Trieste, 29 ago - Ha valenza nazionale ed internazionale il Museo Ferroviario di Trieste (il Napoletano ne ospita un altro, gestito dalle Ferrovie ma raramente aperto al pubblico) ed è, come ancora accade per altre istituzioni culturali di pregio in regione, più noto all'estero che in Italia.
"Il Museo e la Stazione Ferroviaria di Campo Marzio che lo ospita vanno dunque difesi e promossi" afferma l'assessore regionale alla Cultura Roberto Antonaz, che ha sottolineato la necessità di provvedere al restauro di un paio di locomotori di pregio (in tutto sono 13, di cui 5 di fabbricazione estera), in sosta sui binari assieme a vagoni e carrelli d'epoca. Occorre pertanto dotarlo, ha sottolineato l'assessore, di strumenti adeguati (guide elettroniche in più lingue, ad esempio) che consentano alle scolaresche e al pubblico (attualmente i visitatori sono 4-5 mila all'anno) di apprezzarne i tesori.

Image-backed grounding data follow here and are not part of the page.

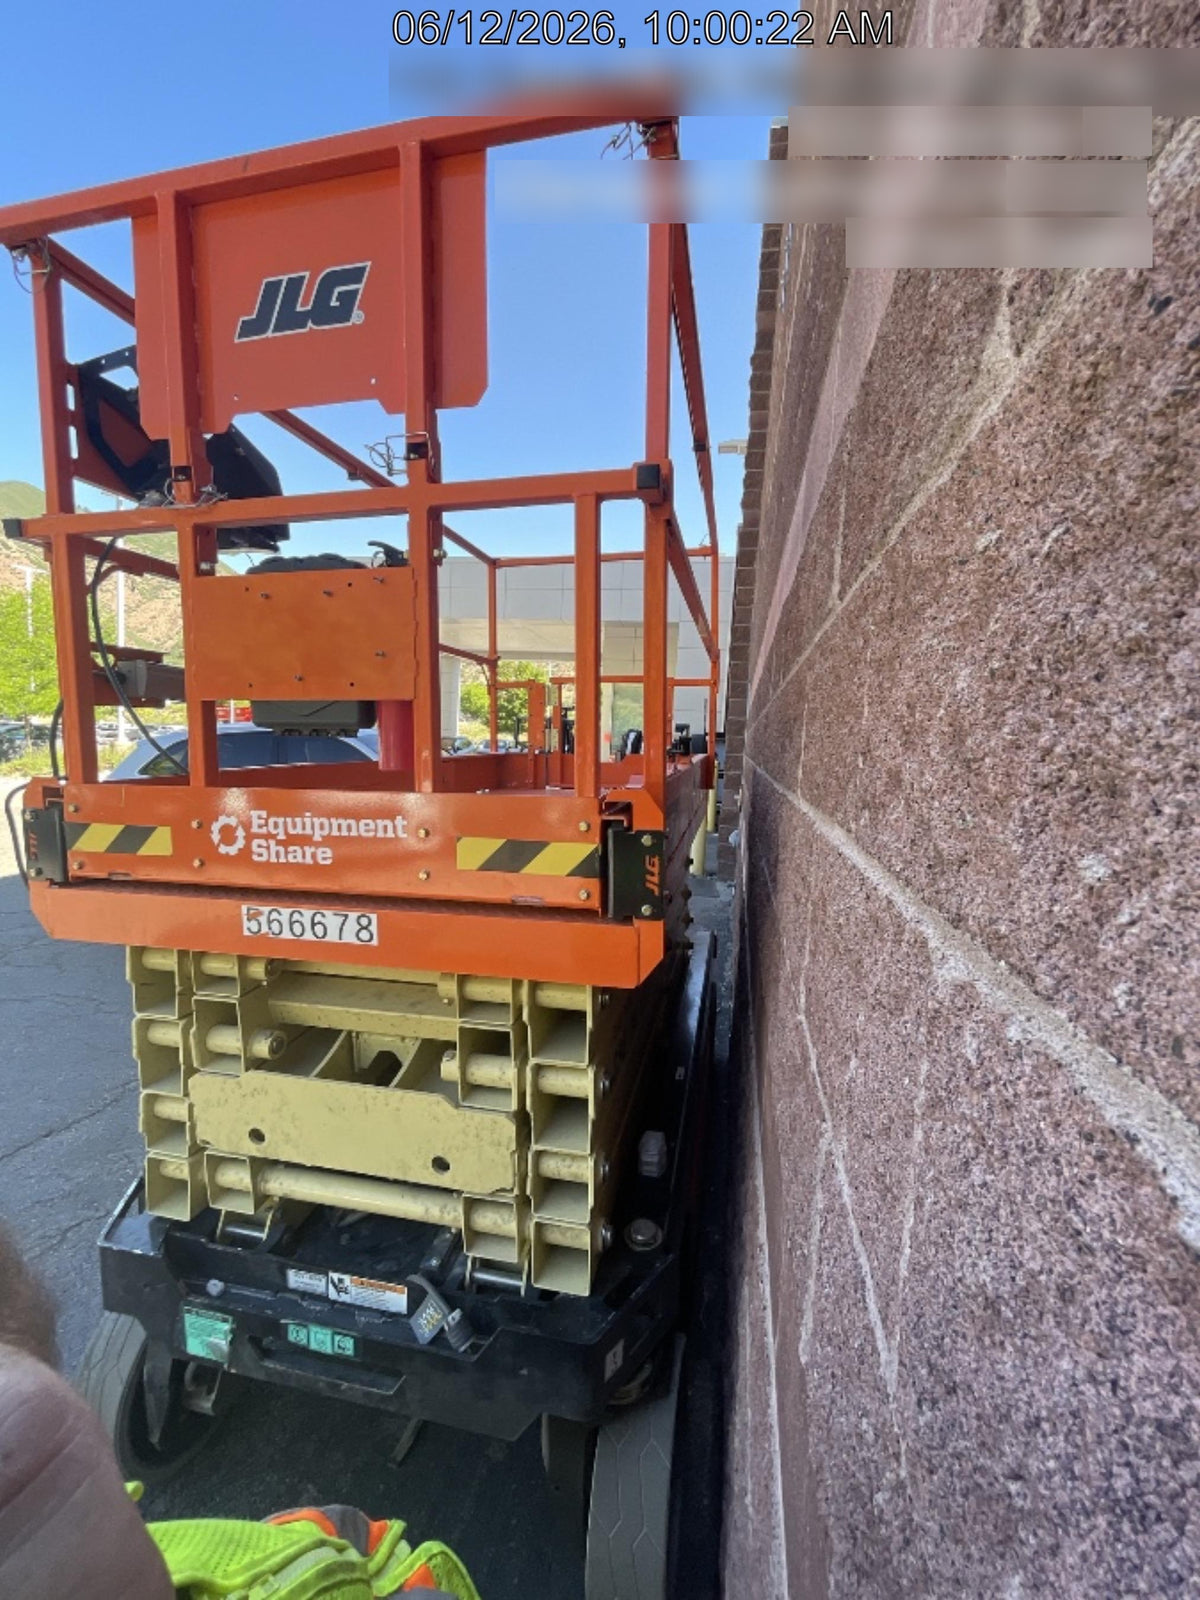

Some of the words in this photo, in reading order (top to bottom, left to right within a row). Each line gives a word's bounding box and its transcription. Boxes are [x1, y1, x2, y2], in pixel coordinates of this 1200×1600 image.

[234, 261, 372, 343] JLG
[250, 810, 408, 841] Equipment
[251, 838, 334, 865] Share
[645, 855, 660, 896] JLG
[246, 907, 374, 943] 566678
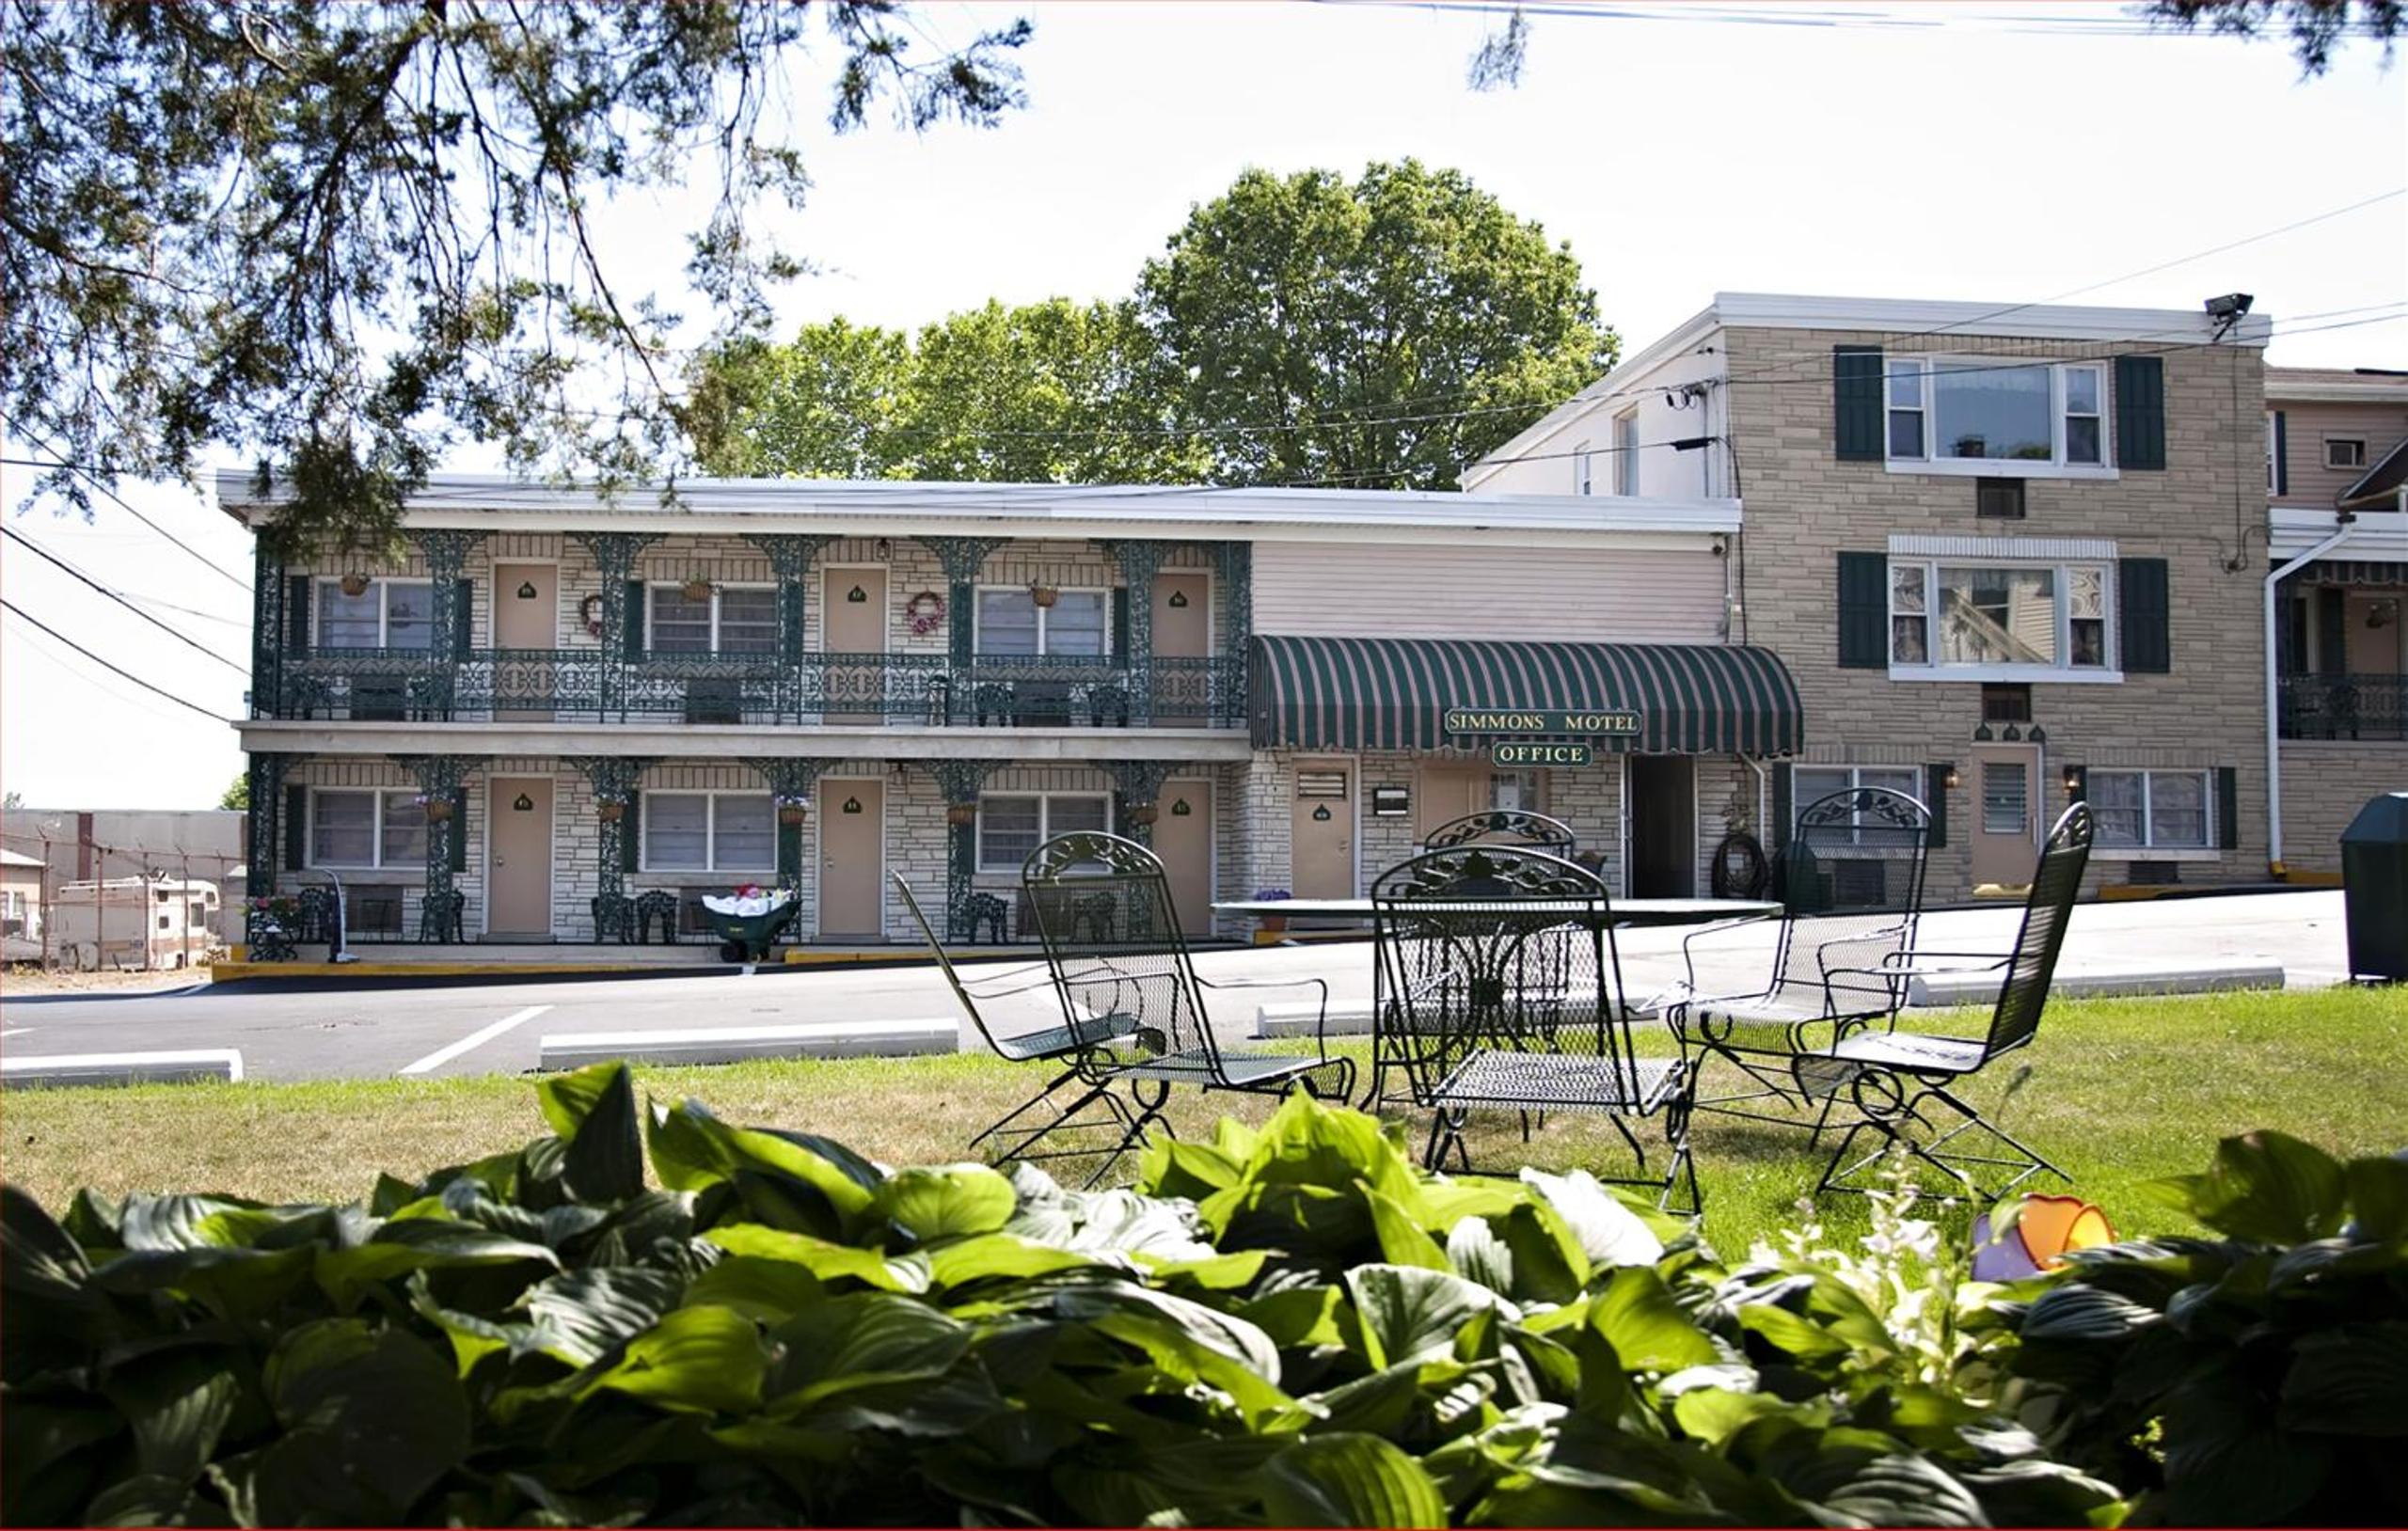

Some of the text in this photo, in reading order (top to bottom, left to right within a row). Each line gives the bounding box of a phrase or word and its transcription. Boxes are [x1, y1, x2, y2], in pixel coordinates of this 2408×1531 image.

[1449, 713, 1638, 732] SIMMONS MOTEL
[1499, 746, 1584, 763] OFFICE

Accompagnato dal presidente del Dopolavoro Ferroviario, Claudio Vianello, dal responsabile del museo Roberto Carollo e dal viceresponsabile, Leandro Steffè (la gestione del Museo è affidata perlopiù al volontariato) Antonaz ha visitato oggi la Stazione, fermandosi nelle diverse sale ad ammirare plastici, reperti, disegni, strumentazioni d'epoca, modellini. Da qui parte ancora il "Rondò" domenicale, a testimonianza di una funzionalità che si vorrebbe rilanciare, trasformando questa struttura in sede per collegamenti provinciali e transfrontalieri. Un progetto di cui a Trieste si parla da anni e che, ha sottolineato l'ingegner Carollo, la Provincia di Bolzano ha già realizzato con successo ripristinando la linea storica Merano-Malles, molto apprezzata dalla popolazione e dai turisti.

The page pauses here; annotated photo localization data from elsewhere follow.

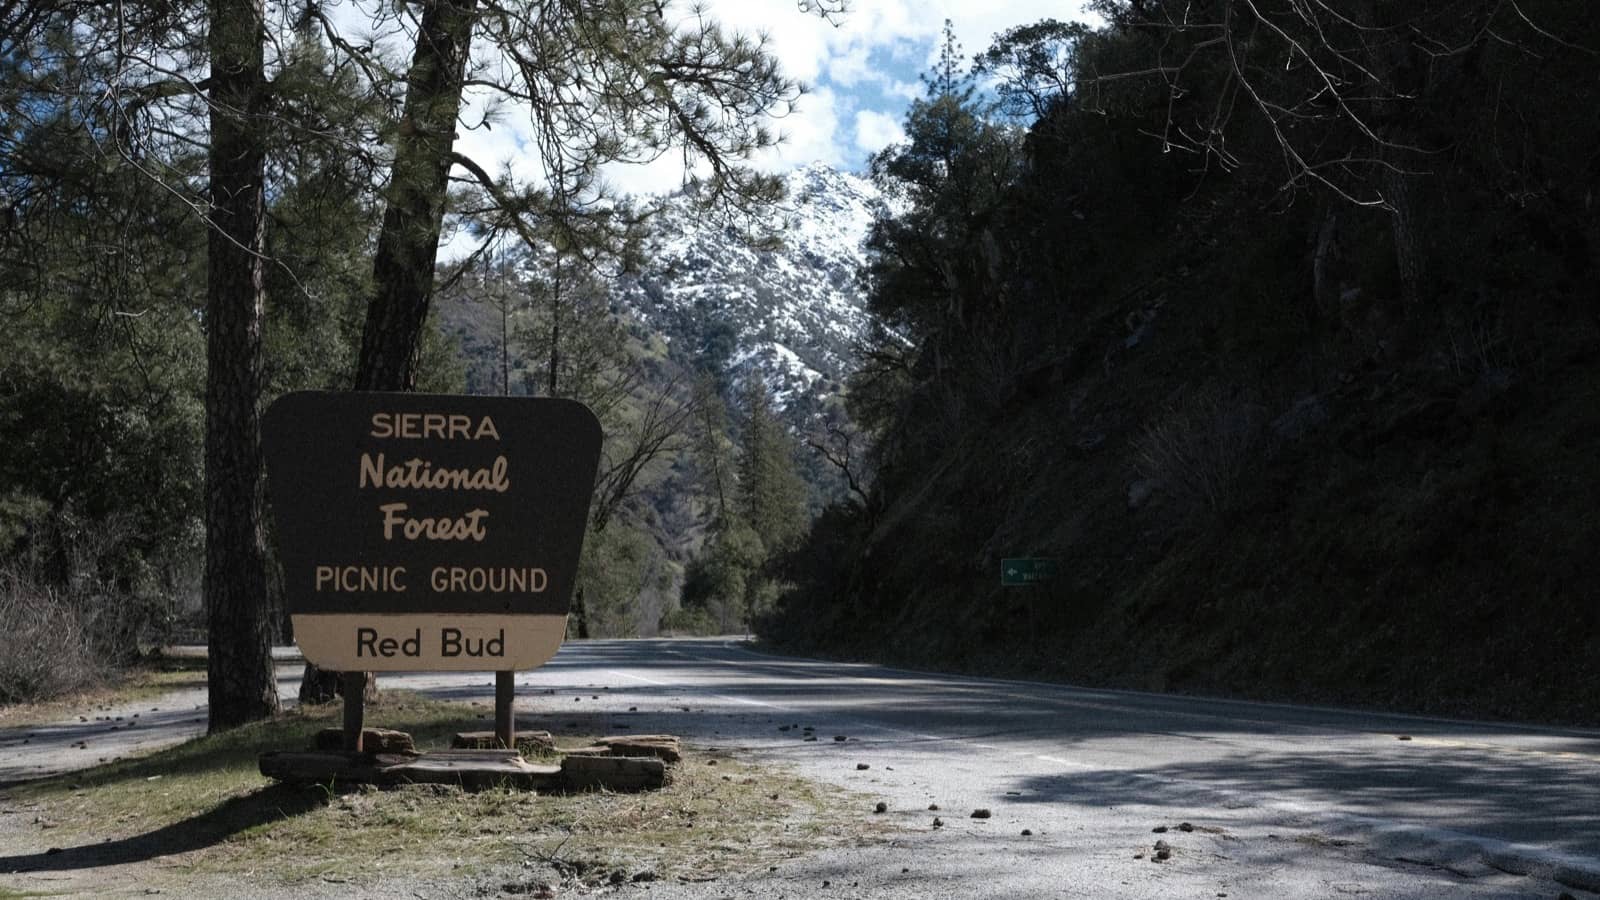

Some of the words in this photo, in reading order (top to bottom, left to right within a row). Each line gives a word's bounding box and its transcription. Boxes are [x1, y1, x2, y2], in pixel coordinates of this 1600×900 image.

[371, 413, 500, 438] SIERRA
[359, 453, 510, 492] National
[380, 503, 489, 541] Forest
[315, 566, 407, 592] PICNIC
[430, 567, 549, 593] GROUND
[356, 627, 422, 658] Red
[440, 628, 505, 658] Bud

Protetta dalla Sovrintendenza assieme a tutto il suo contenuto, la Stazione accoglie le testimonianze di cent'anni di storia (è stata costruita nel 1906) e Antonaz ha confermato pieno appoggio alla sua salvaguardia in un contesto complesso, dal momento che essa è stata recentemente venduta, assieme ad alcune importanti aree limitrofe, alla società veneta "Sviluppo 70".